Posted on October 20, 2017

Ten years ago I published Robin Denniston’s tribute to his father, Thirty Secret Years: A. G. Denniston’s work in signals intelligence 1914-1944. His father Alastair had headed the Government Code and Cypher School (GC&CS) before the Second World War and was responsible for setting up the code-breaking operation at Bletchley Park. In due course he was moved to a similar operation in London but when he retired at the end of the war, the highly secret nature of his work meant that he received little recognition for his distinguished career. Indeed, he is almost the only head of what is now GCHQ to have not received a knighthood for his service.

Robin had originally approached me while I had been in discussion with one of his daughters, Susanna Everitt, about a possible book about her great-grandfather James Denniston. In the event, I went ahead with Robin’s monograph about his father’s work. Robin himself had had a distinguished career in publishing and was keen to see his father’s role acknowledged once he had been given the go-ahead by GCHQ.

In due course, I returned to the story of James Denniston, a Glaswegian doctor who had volunteered to work in a field hospital in Erzurum in Turkey during the 1870s when Turkey was at war with Russia. His letters to a young woman he had left behind vividly described the appalling conditions he encountered; they also charted the growing intimacy of the relationship that developed between them.
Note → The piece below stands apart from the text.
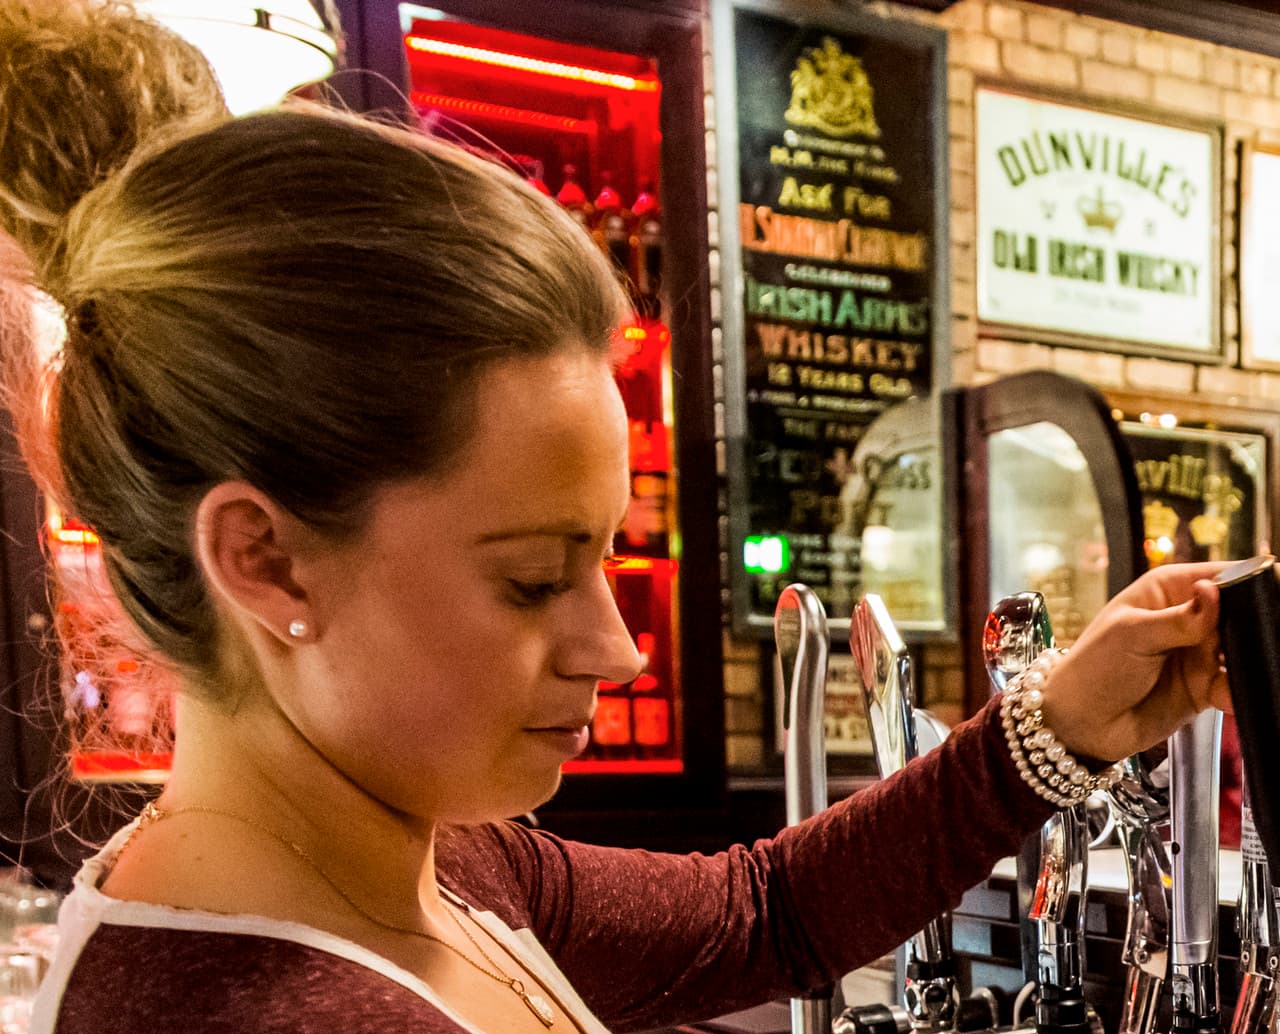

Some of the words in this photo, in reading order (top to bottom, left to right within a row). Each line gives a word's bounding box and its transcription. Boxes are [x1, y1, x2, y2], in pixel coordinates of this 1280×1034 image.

[992, 228, 1038, 274] OLD
[1048, 237, 1106, 283] IRISH
[1115, 250, 1199, 298] WHISKY
[756, 323, 918, 372] WHISKEY
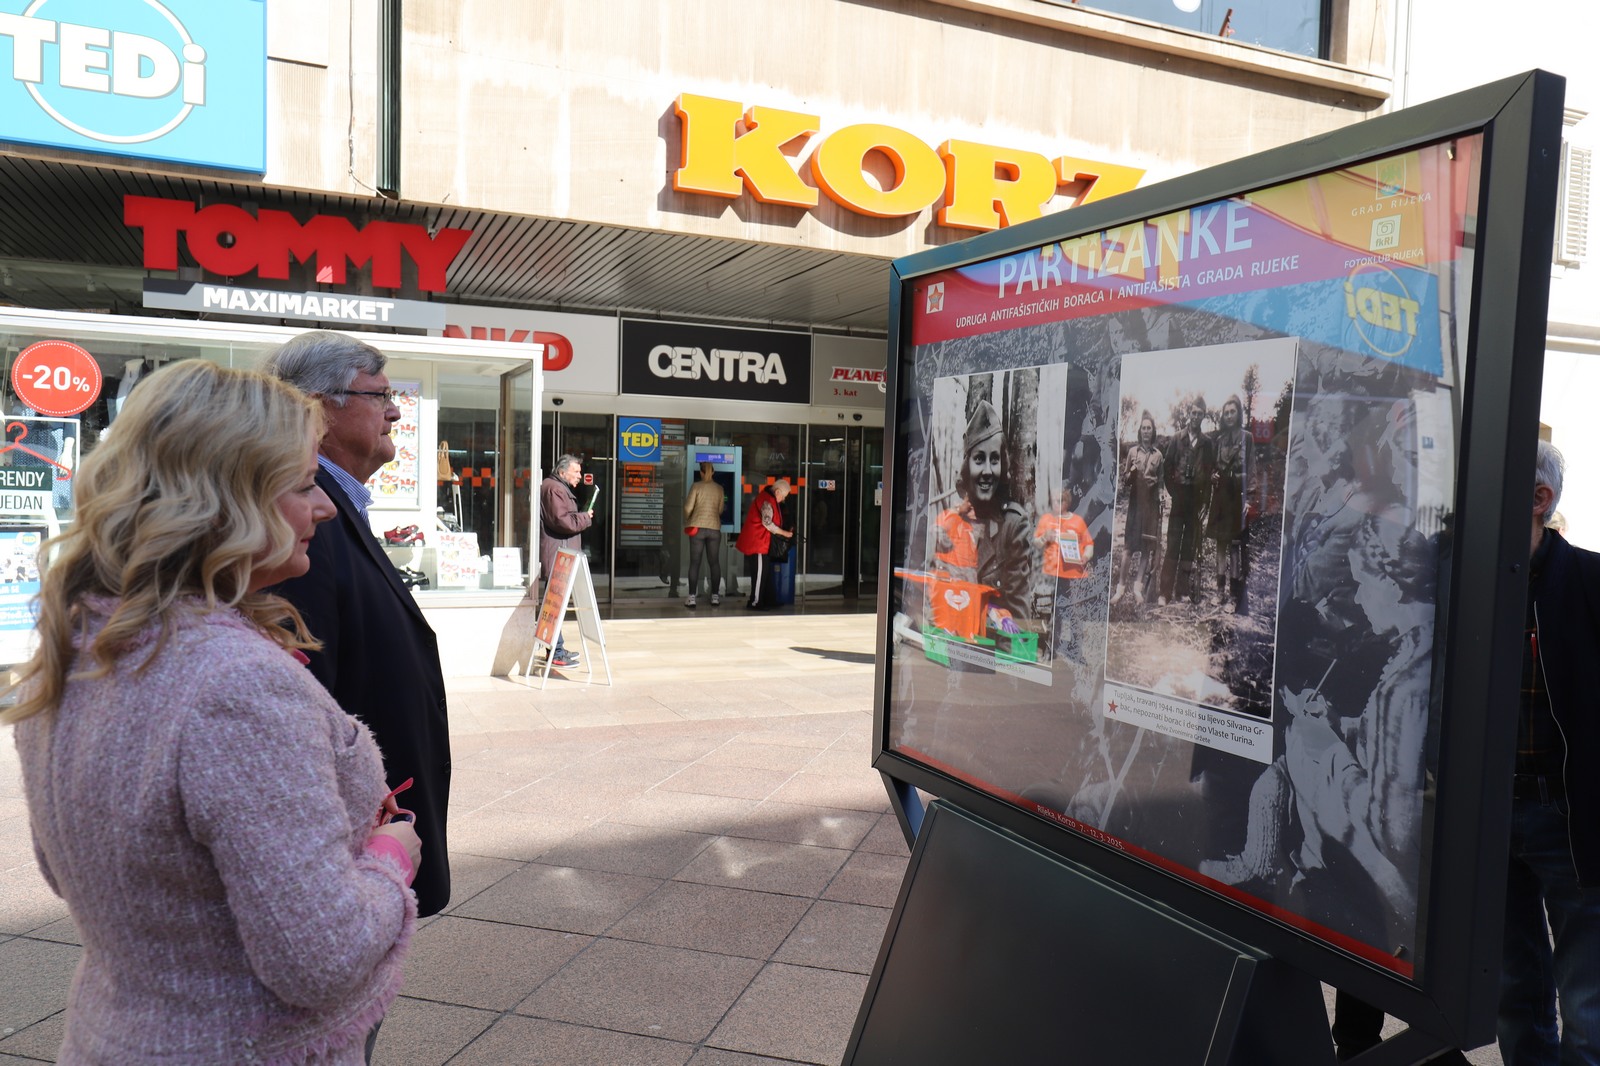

A young member of the extended Denniston family, James McKnight, undertook the task of turning the epistolary romance into a novel, published this month as Letters From Erzurum.

Meanwhile, a few weeks earlier, a biography of Alastair Denniston by the Bletchley Park historian Dr Joel Greenberg was at last published. Alastair Denniston: Code-Breaking from Room 40 to Berkeley Street and the Birth of GCHQ was duly launched at GCHQ in the presence of the Denniston family.

The hitherto unacknowledged role of the man who headed one of Britain’s most secret wartime operations has now been told, along with that of his father, the young Glaswegian doctor who served in an altogether different theatre of war.